Well if it was hand cranked, that would totally explain the slightly variable framerate, making it impossible to play correctly. What is the relationship between the crank speed and the speed at which the images are captured ? I assume there is some kind of mechanical buffer to decouple those
my knowledge on cameras is open to correction, but early cameras were just hand cranked, then later on, more expensive ones may have had a clockwork mechanism like a gramophone which would have been better until the next advance in technology. i assume that some clockwork mechanism was employed in cinemas before it was in semi-portable cameras. but i'm open to correction.
Well, whatever it "looks like" to you, it's from 1926. Black Thursday wasn't until 1929. But undoubtedly you know that. And of course that the WPA wasn't created until the mid-30s, nor was the CCC. If you mean "early-20th Century-looking fellows wearing stereotypical Great Depression jackets and hats while working", sure, yeah "they look like WPA guys" (i.e. they look like normal laboring men from the early 20th century
Some of the utility construction crews look like Henkels & McCoy. I think it actually says that on the side of the truck they're dragging up the hill. But that company was first and foremost in the start of utility Construction in that style
That's the first thing I thought! I figured it to be a scraper, and it looks to me like it shaves off the high spots, and then at the right moment, pull the lever and it dumps in the low spots. Just like a big bowl scraper, I guess!

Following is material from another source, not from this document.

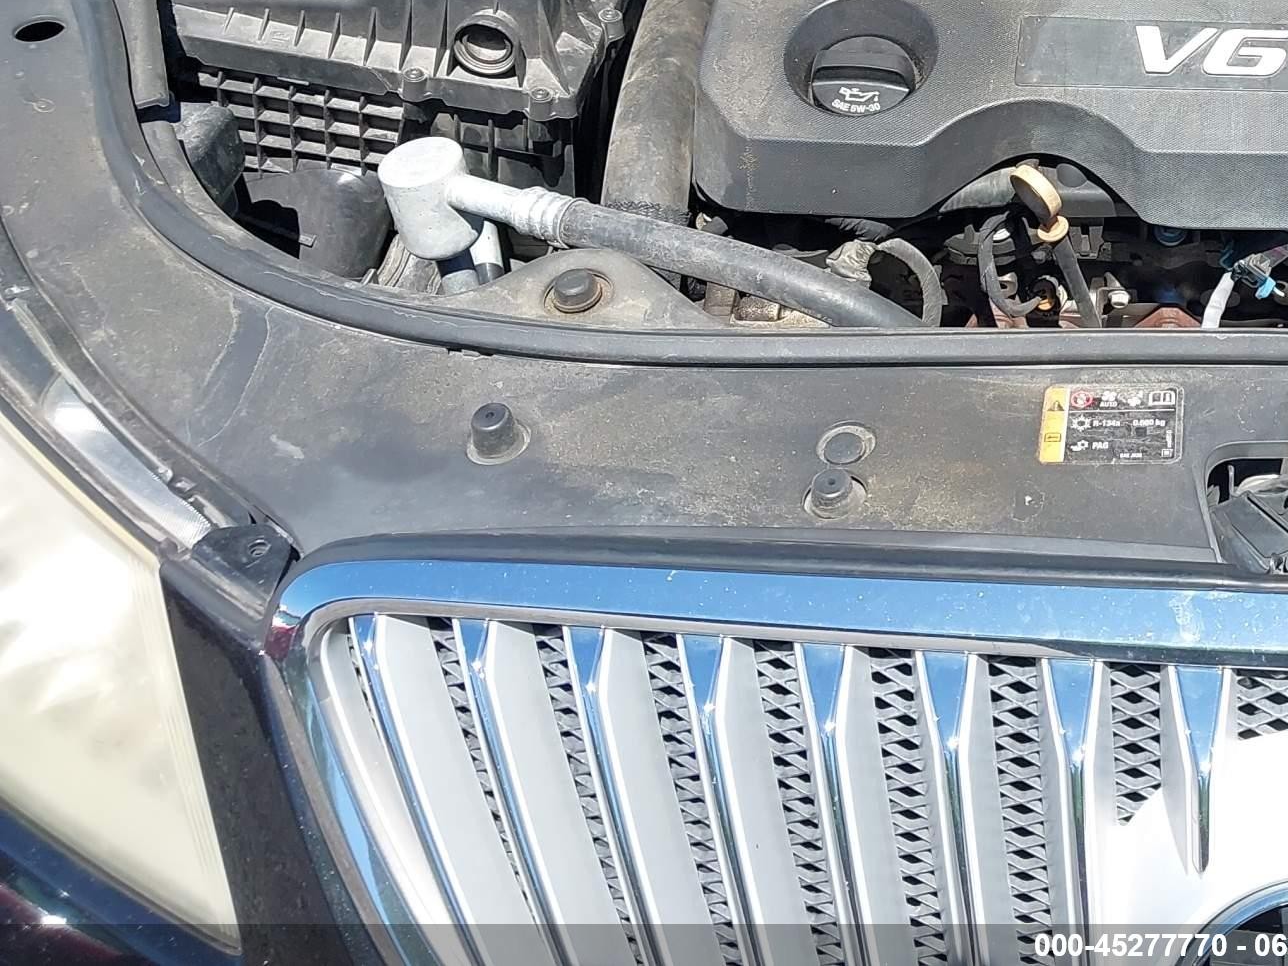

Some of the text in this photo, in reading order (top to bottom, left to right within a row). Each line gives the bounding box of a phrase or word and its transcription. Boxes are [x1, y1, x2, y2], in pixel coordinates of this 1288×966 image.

[831, 98, 881, 113] SAE 5W-30
[1091, 441, 1109, 450] PAG

THAT IS WHAT WE CALLED A TUMBLEBUG SCRAPER! SOME OF THEM WERE SET UP TO ROLL THEM BACKWARDS WHEN FULL OF DIRT, TO WHERE THE OPENING WAS AT TOP! THEN YOU COULD SKID THE DIRT LOAD A LONG DISTANCE WITHOUT SPILLING THE LOAD!
junkdeal Exactly! It looks very demanding on the user though from what i’ve read but I would love a modern version with hydraulics taking over the human muscle role.
The bowl scraper is heavy on the human muscle factor, but the tumble bug has no such inputs. My shock comes from seeing it used above ground while I've always understood it's use was for underwater pond building in the manner of the plain box drag at 4:15 which they don't show the dumping of. The guy running the tumble bug should hold the rope tight when he wants it to dump and/or roll so as to not fill up though. He seems to dump it first, take a small bite off the top of the bank as he goes over and dumps again as it goes down slope. At that point he should have it roll all they back up and around, but he doesn't seem to care. I actually have one, bought it at a farm sale as a teenager just for grins, have never used it. So the bowl scraper does come in a three point hitch system with two flavors, first with the scraper edge to the front and the other mounted backwards so you back into the dirt to fill it up. Lift clear with three point and trip dump when the load has been moved to the desired spot.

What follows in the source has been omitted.